■ **YOUR INSTRUCTIONS**:
Make an exact copy of the entries below with the pictures removed.
** MATERIAL FOR THIS EXERCISE follows **
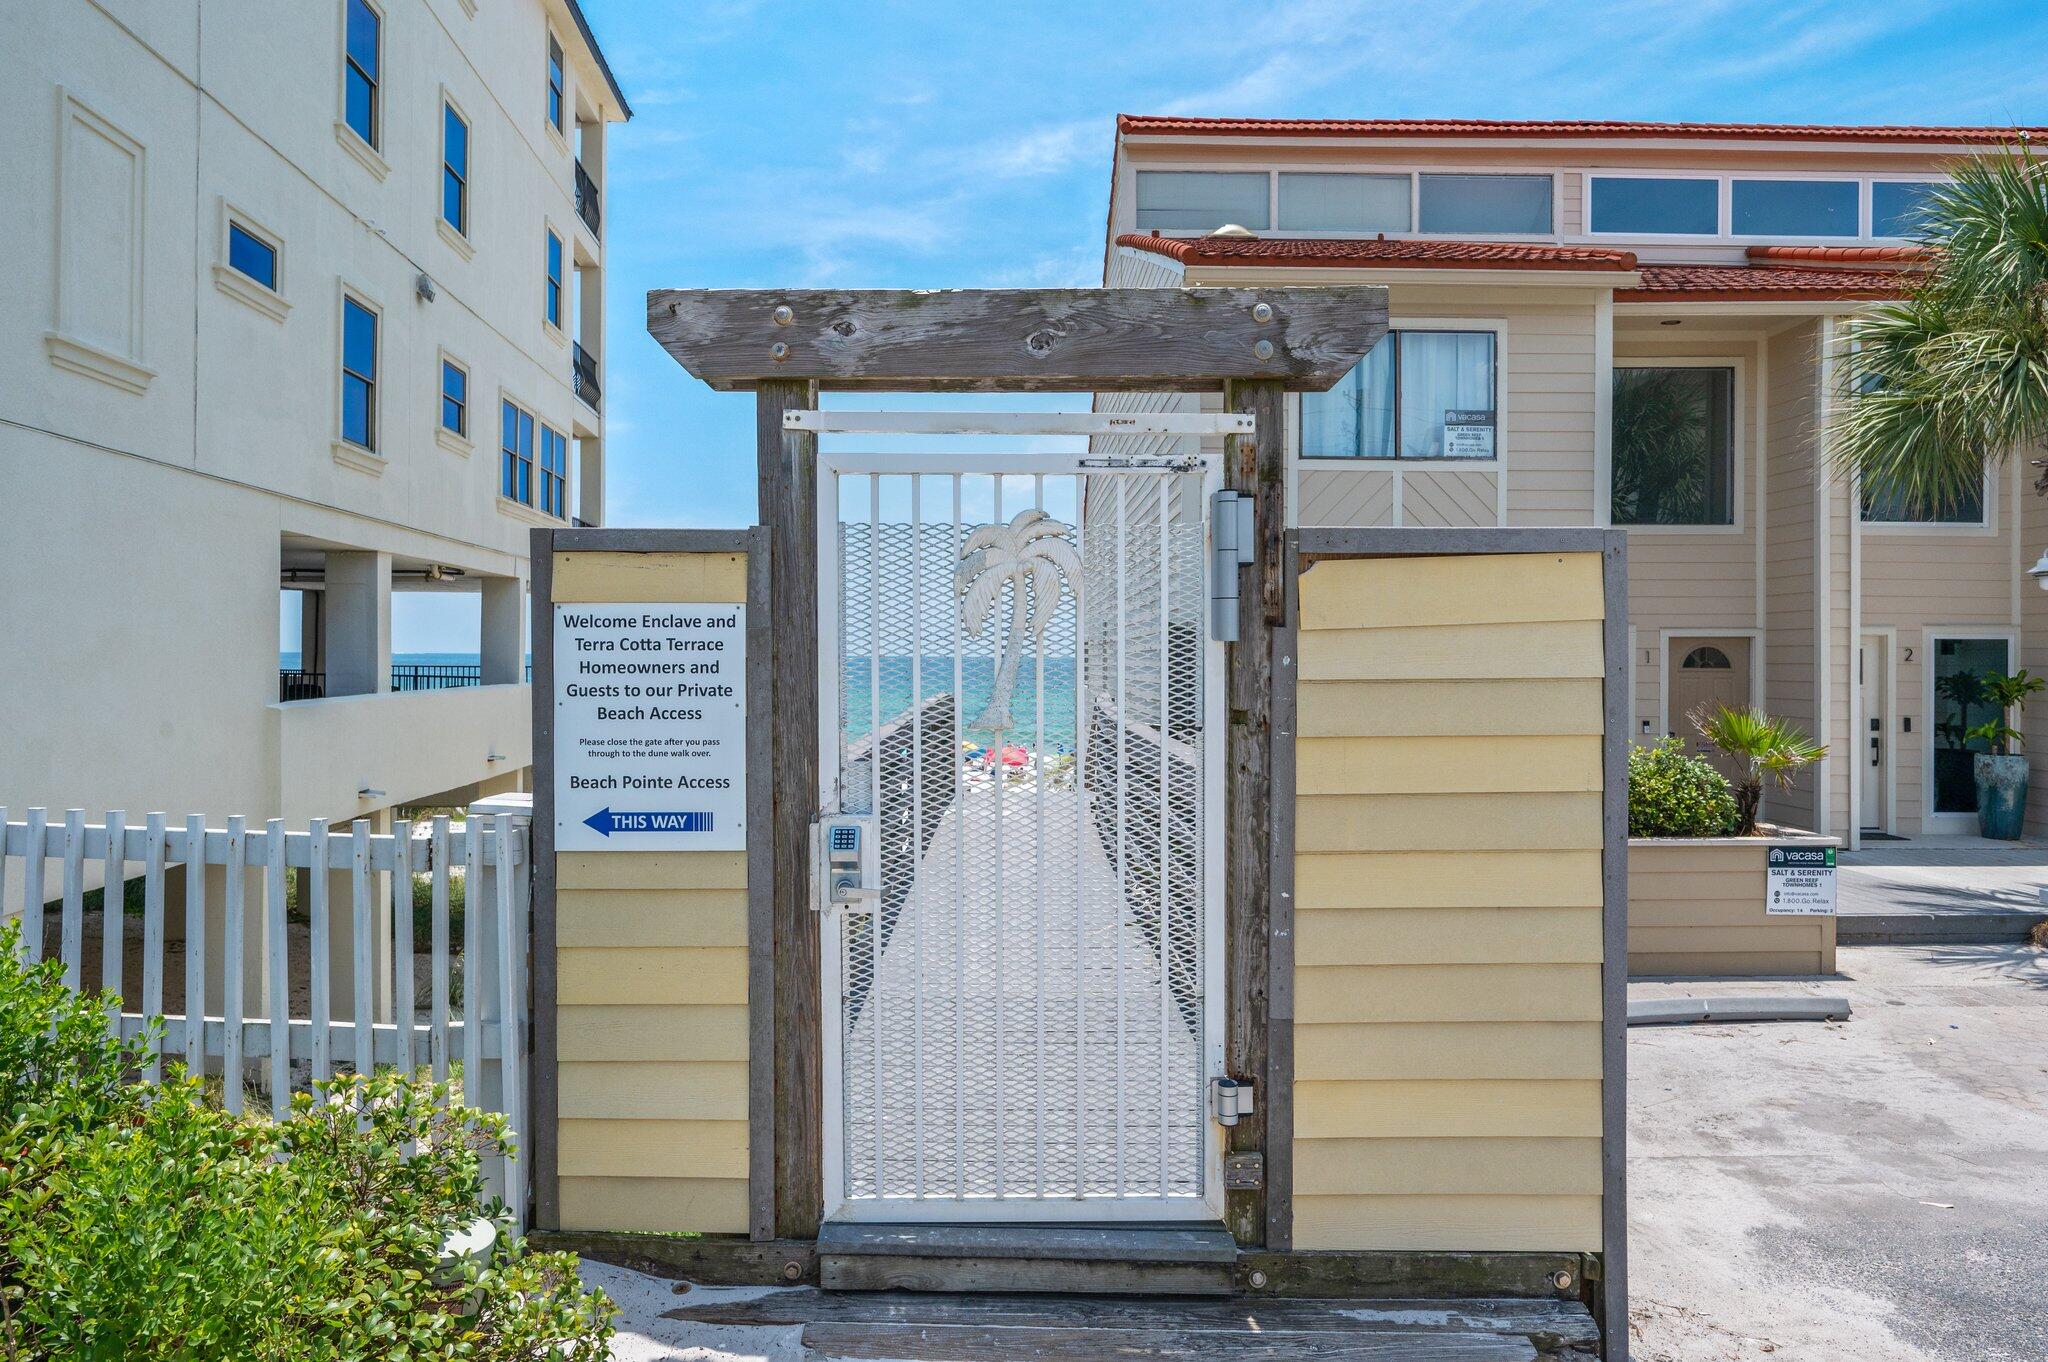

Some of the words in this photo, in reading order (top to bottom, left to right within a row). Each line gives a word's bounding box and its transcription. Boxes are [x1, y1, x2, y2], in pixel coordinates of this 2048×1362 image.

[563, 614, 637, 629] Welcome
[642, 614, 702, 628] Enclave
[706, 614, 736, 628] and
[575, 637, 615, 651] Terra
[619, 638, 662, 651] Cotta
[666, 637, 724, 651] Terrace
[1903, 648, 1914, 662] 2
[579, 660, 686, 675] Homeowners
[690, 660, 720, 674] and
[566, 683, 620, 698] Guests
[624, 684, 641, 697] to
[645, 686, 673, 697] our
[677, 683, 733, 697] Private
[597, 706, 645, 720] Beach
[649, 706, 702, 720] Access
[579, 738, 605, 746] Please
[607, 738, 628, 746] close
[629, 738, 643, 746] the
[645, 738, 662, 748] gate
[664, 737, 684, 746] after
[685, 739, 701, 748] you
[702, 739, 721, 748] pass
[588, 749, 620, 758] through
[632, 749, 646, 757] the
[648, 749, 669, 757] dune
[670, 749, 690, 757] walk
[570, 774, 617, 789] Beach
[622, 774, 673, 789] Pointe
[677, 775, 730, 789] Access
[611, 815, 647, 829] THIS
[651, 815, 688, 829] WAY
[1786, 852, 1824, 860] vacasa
** End of MATERIAL FOR THIS EXERCISE **
■ **SOLUTION**:
Some of the words in this photo, in reading order (top to bottom, left to right within a row). Each line gives a word's bounding box and its transcription. Boxes are [x1, y1, x2, y2], in pixel coordinates of this 2048×1362 image.

[563, 614, 637, 629] Welcome
[642, 614, 702, 628] Enclave
[706, 614, 736, 628] and
[575, 637, 615, 651] Terra
[619, 638, 662, 651] Cotta
[666, 637, 724, 651] Terrace
[1903, 648, 1914, 662] 2
[579, 660, 686, 675] Homeowners
[690, 660, 720, 674] and
[566, 683, 620, 698] Guests
[624, 684, 641, 697] to
[645, 686, 673, 697] our
[677, 683, 733, 697] Private
[597, 706, 645, 720] Beach
[649, 706, 702, 720] Access
[579, 738, 605, 746] Please
[607, 738, 628, 746] close
[629, 738, 643, 746] the
[645, 738, 662, 748] gate
[664, 737, 684, 746] after
[685, 739, 701, 748] you
[702, 739, 721, 748] pass
[588, 749, 620, 758] through
[632, 749, 646, 757] the
[648, 749, 669, 757] dune
[670, 749, 690, 757] walk
[570, 774, 617, 789] Beach
[622, 774, 673, 789] Pointe
[677, 775, 730, 789] Access
[611, 815, 647, 829] THIS
[651, 815, 688, 829] WAY
[1786, 852, 1824, 860] vacasa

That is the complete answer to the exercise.